Chaney’s makeup for Erik is markedly different than that of Quasimodo. While the Hunchback is ugly, there’s still an element of human frailty in his swollen, misshapen face. The Phantom’s skull-like visage is harsh contrast to this. Instead of playing on the audience’s compassion, Chaney instead goes for the more primal gut reaction of revulsion. With his piercing black eyes, flared nostrils, and thin lips drawn taut over the malformed upper plate, Erik appears either dead or diseased, neither of which is acceptable in polite society. Chaney designed a being that creates and, in turn, thrives on fear. Where Quasimodo is forced into the role of monster, Erik actively embraces it.

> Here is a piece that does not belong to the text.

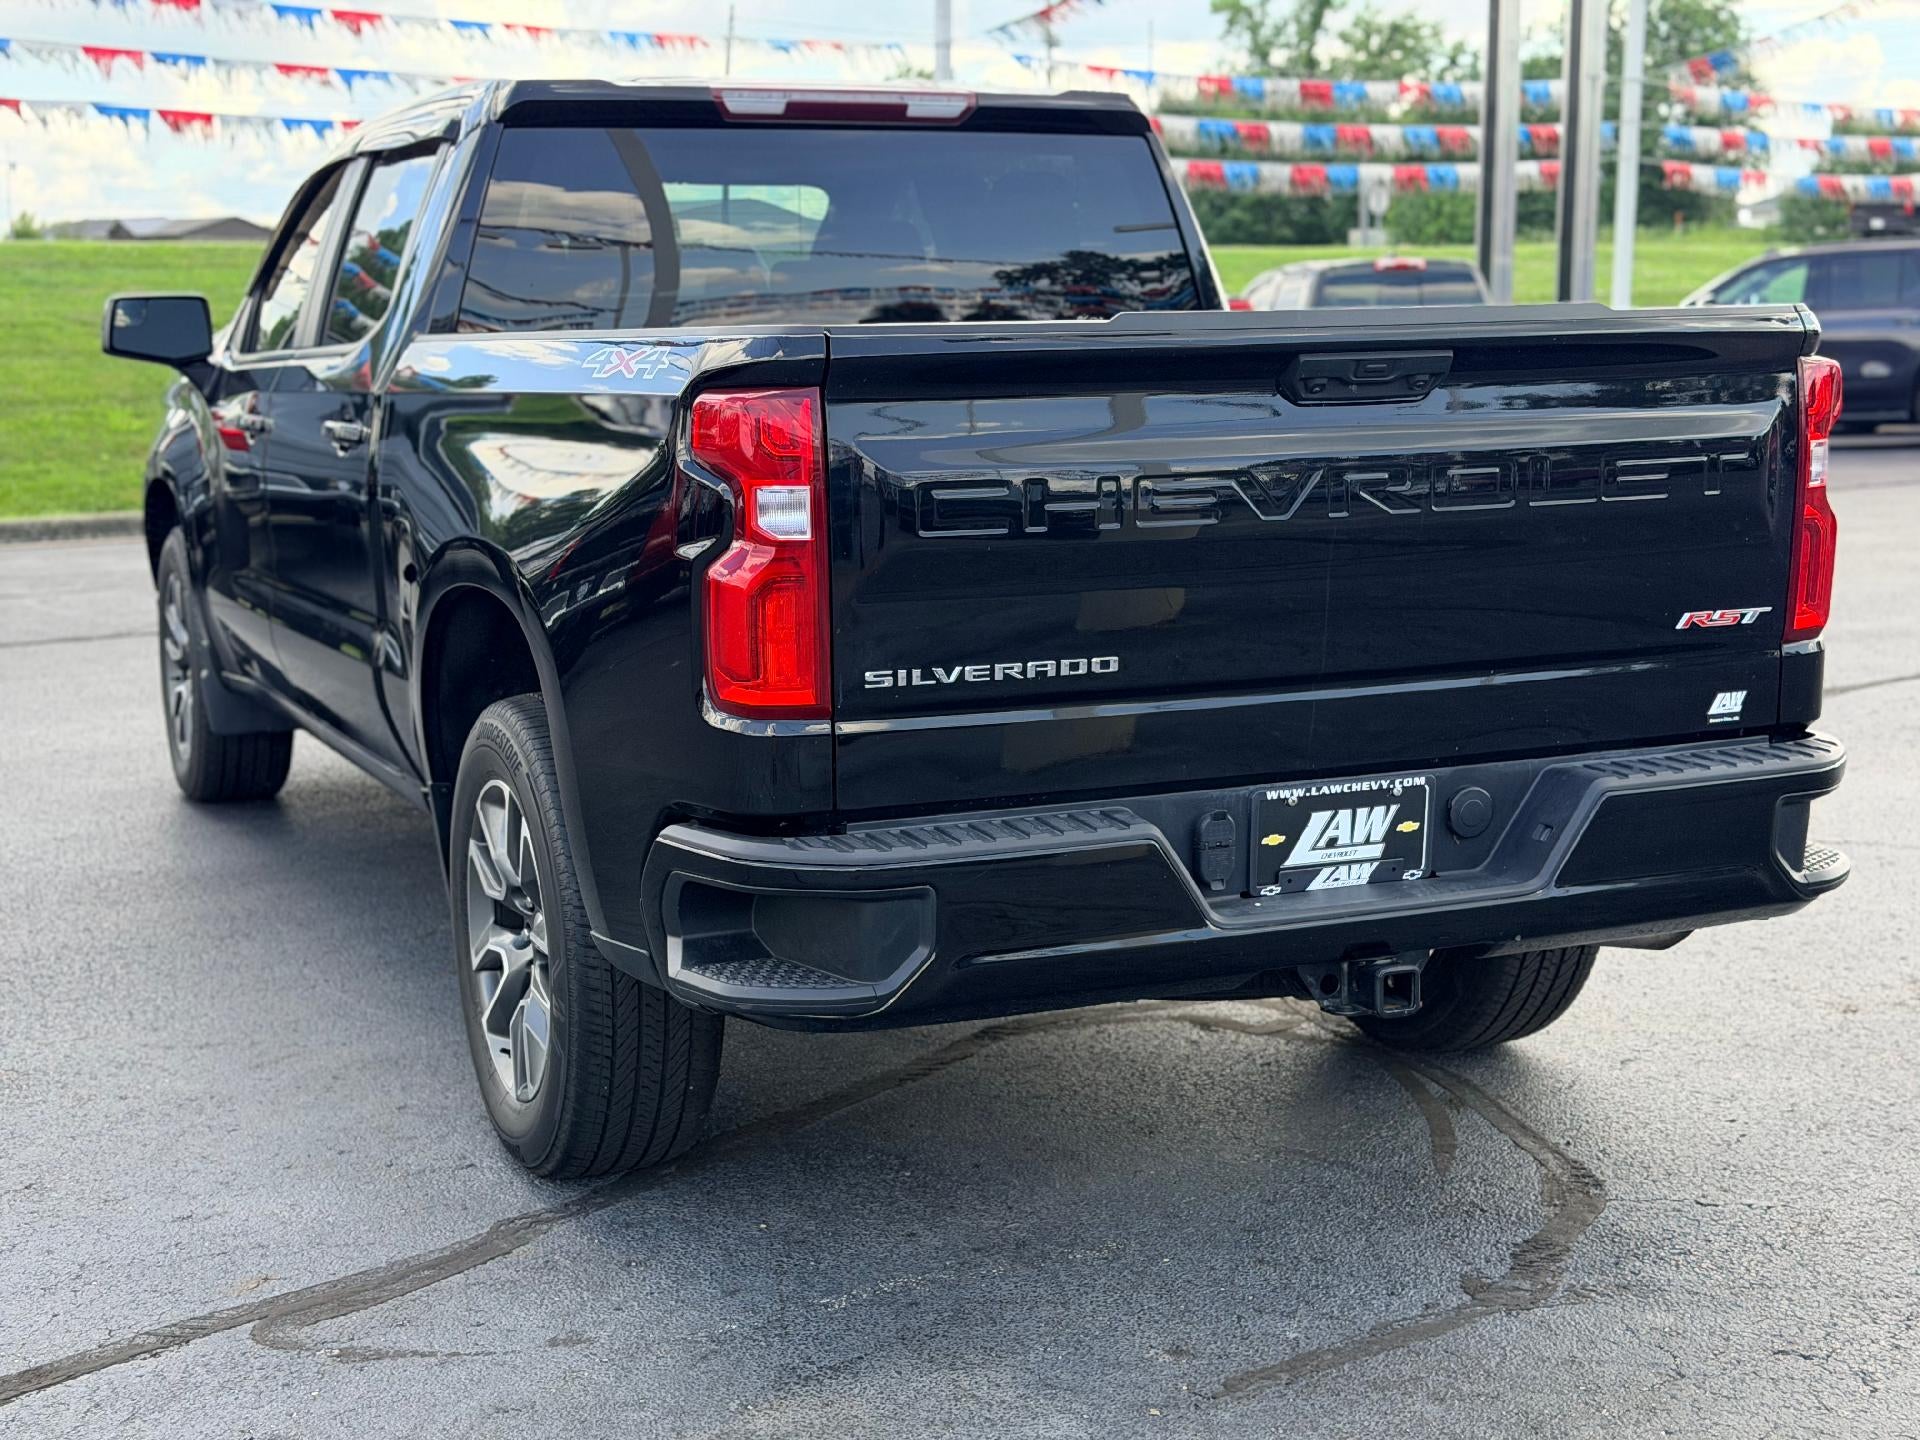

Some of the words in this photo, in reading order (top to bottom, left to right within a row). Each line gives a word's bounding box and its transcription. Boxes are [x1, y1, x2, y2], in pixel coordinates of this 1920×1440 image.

The sculpt delivers the goods and this time paint isn’t an issue. Every wrinkle and crease is clean and well-defined, catching both shadow and a subtle but effective paint wash. Details like bags under the eyes and his few remaining strands of greasy hair really sell the likeness. Erik was sculpted with his mouth open, so we can see what dental care was like back then.
The rest of the suit looks good — perhaps a little too good. I can’t help but feel even the best-kept sewer-tuxedo would have a bit more wear, but it’s screen-accurate, so what are ya gonna do? I managed to get over it with the help of this über-creepy second head.

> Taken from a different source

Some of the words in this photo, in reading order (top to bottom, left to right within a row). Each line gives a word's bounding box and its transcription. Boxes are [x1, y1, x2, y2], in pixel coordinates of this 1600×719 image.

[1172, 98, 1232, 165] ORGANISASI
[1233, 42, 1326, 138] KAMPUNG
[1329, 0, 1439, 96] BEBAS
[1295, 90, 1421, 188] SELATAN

When he has business outside of the sewers, Erik employs a disguise to help him get around. Okay, it’s not the most realistic of masks, but when all you have to work with is what Parisians flush down their toilets, you do your best.

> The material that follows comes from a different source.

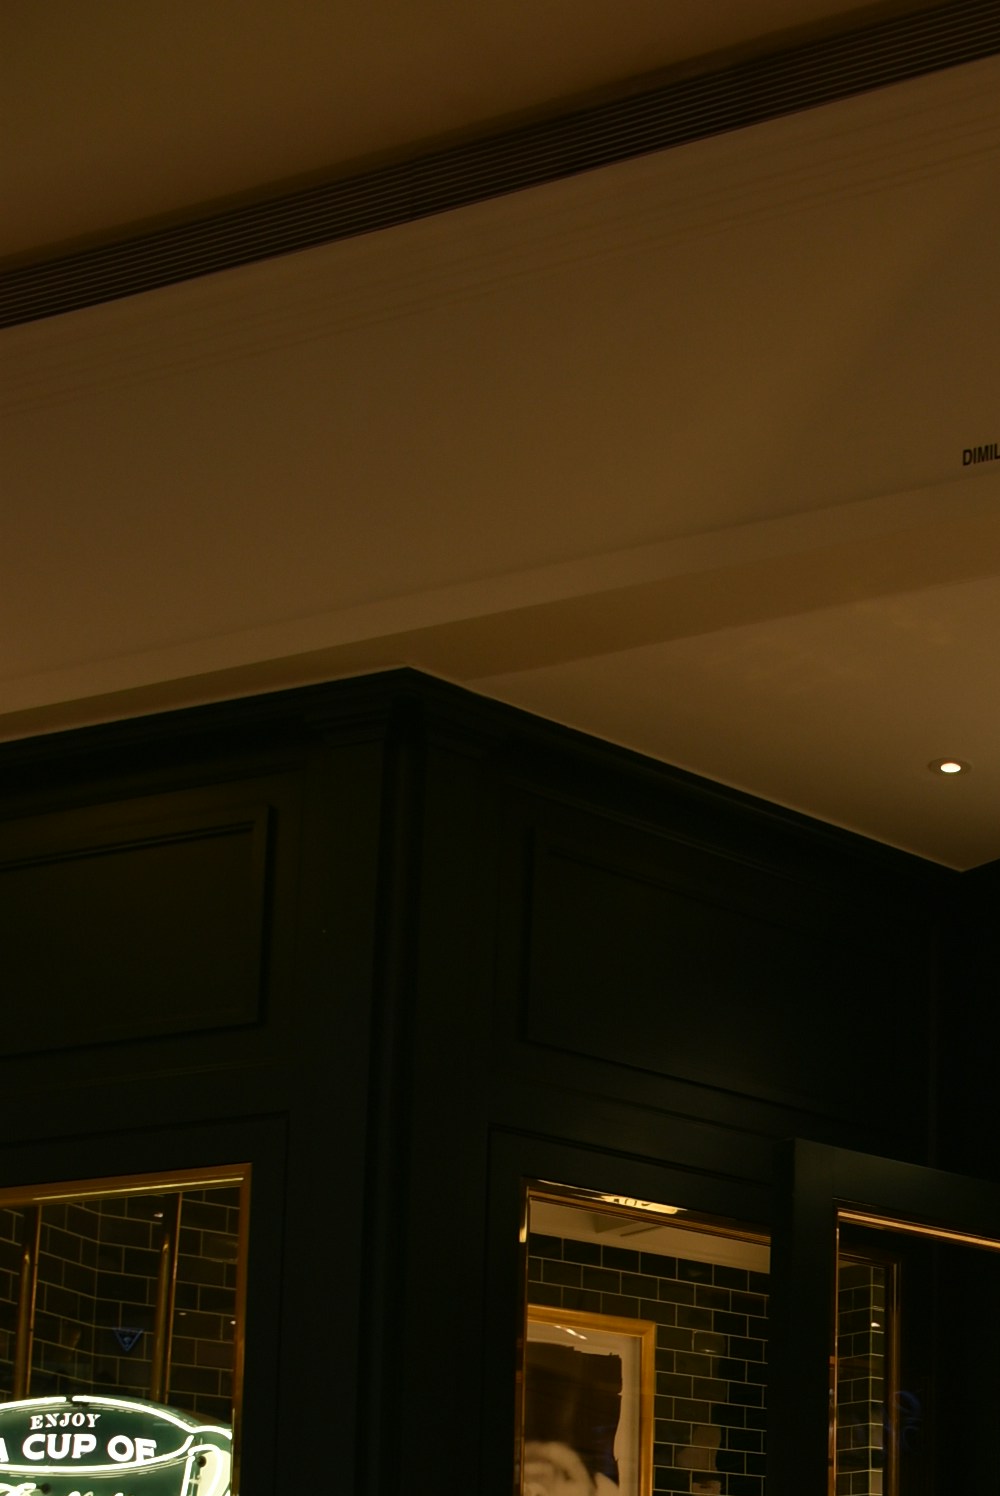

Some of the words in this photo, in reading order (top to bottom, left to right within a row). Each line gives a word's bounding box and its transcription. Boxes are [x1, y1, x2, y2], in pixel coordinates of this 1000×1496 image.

Because this figure is the monochromatic Silver Screen edition, the painter was free to give Erik the pasty grey flesh he has in the original film. The Phantom is a figure that doesn’t work for me in color — he’s a creature from another time and place and, as such, doesn’t have to look “realistic.” Considering 90 percent of the costume is black in color, white and grey is all it really needs.
Erik has the standard Sideshow 12 points of articulation: a pegged neck and swivel joints everywhere else. He’s saddled with the dreaded “V” crotch, which severely limits the movement of his legs. No, he’s not the type to do a Rockette-style dance number, but I’d at least like to simulate the figure stepping forward. Still better than those dead-below-the-waist Mezco figures, though.
Much like the Invisible Man, Erik has a “gesture” arm. It’s sculpted in a classic beckoning pose, which means that’s all he’s going to be doing. Find a nice figure for him to beckon, I guess.
While Lon Chaney has appeared in over 150 films, it is these two roles that have solidified his position as the first pillar of cinematic horror. Sideshow did a wonderful job immortalizing them, and like the characters they are based on, these figures are bound to become classics, haunting collector’s shelves for decades to come.